> [Task] When you transcribe the lines below, keep every word the same and leave the pictures behind.
☆ ☆ ☆
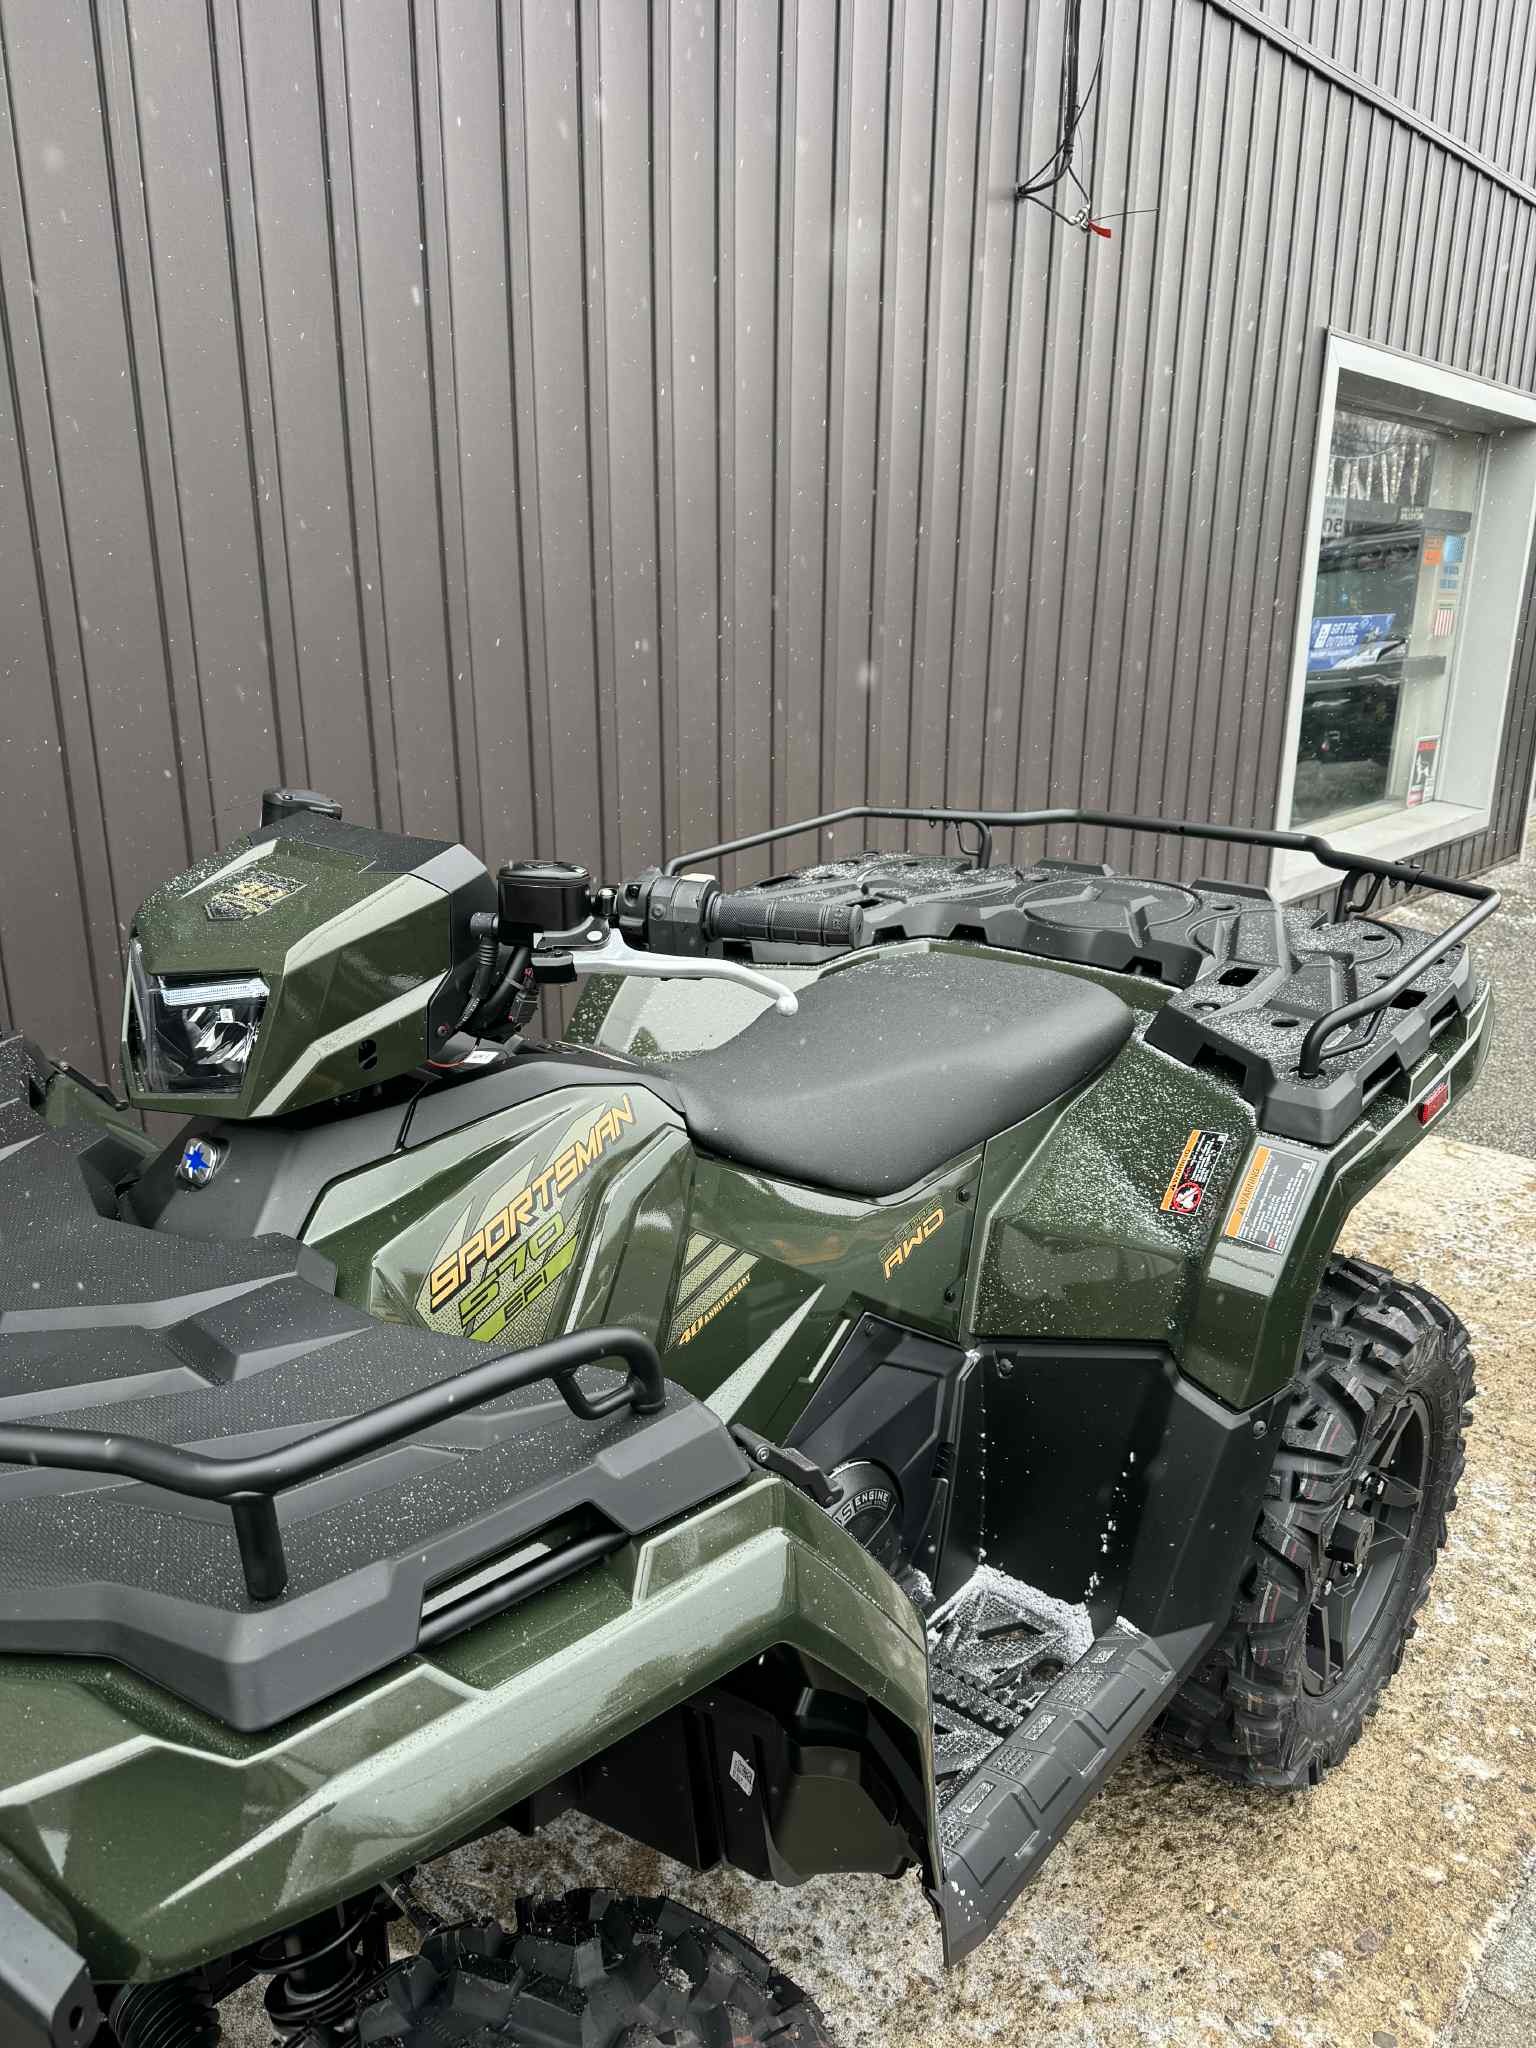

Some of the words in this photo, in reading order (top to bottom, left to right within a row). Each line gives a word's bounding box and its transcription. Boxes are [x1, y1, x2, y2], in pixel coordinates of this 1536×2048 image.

[430, 1094, 637, 1313] SPORTSMAN
[1239, 1168, 1261, 1210] WARNING
[458, 1211, 565, 1329] 570
[884, 1208, 944, 1280] AWD
[504, 1269, 548, 1321] EFI
[704, 1273, 751, 1325] ANNIVERSARY
[855, 1491, 889, 1506] ENGINE
☆ ☆ ☆
> [Exercise solution]
Some of the words in this photo, in reading order (top to bottom, left to right within a row). Each line gives a word's bounding box and its transcription. Boxes are [x1, y1, x2, y2], in pixel coordinates of this 1536×2048 image.

[430, 1094, 637, 1313] SPORTSMAN
[1239, 1168, 1261, 1210] WARNING
[458, 1211, 565, 1329] 570
[884, 1208, 944, 1280] AWD
[504, 1269, 548, 1321] EFI
[704, 1273, 751, 1325] ANNIVERSARY
[855, 1491, 889, 1506] ENGINE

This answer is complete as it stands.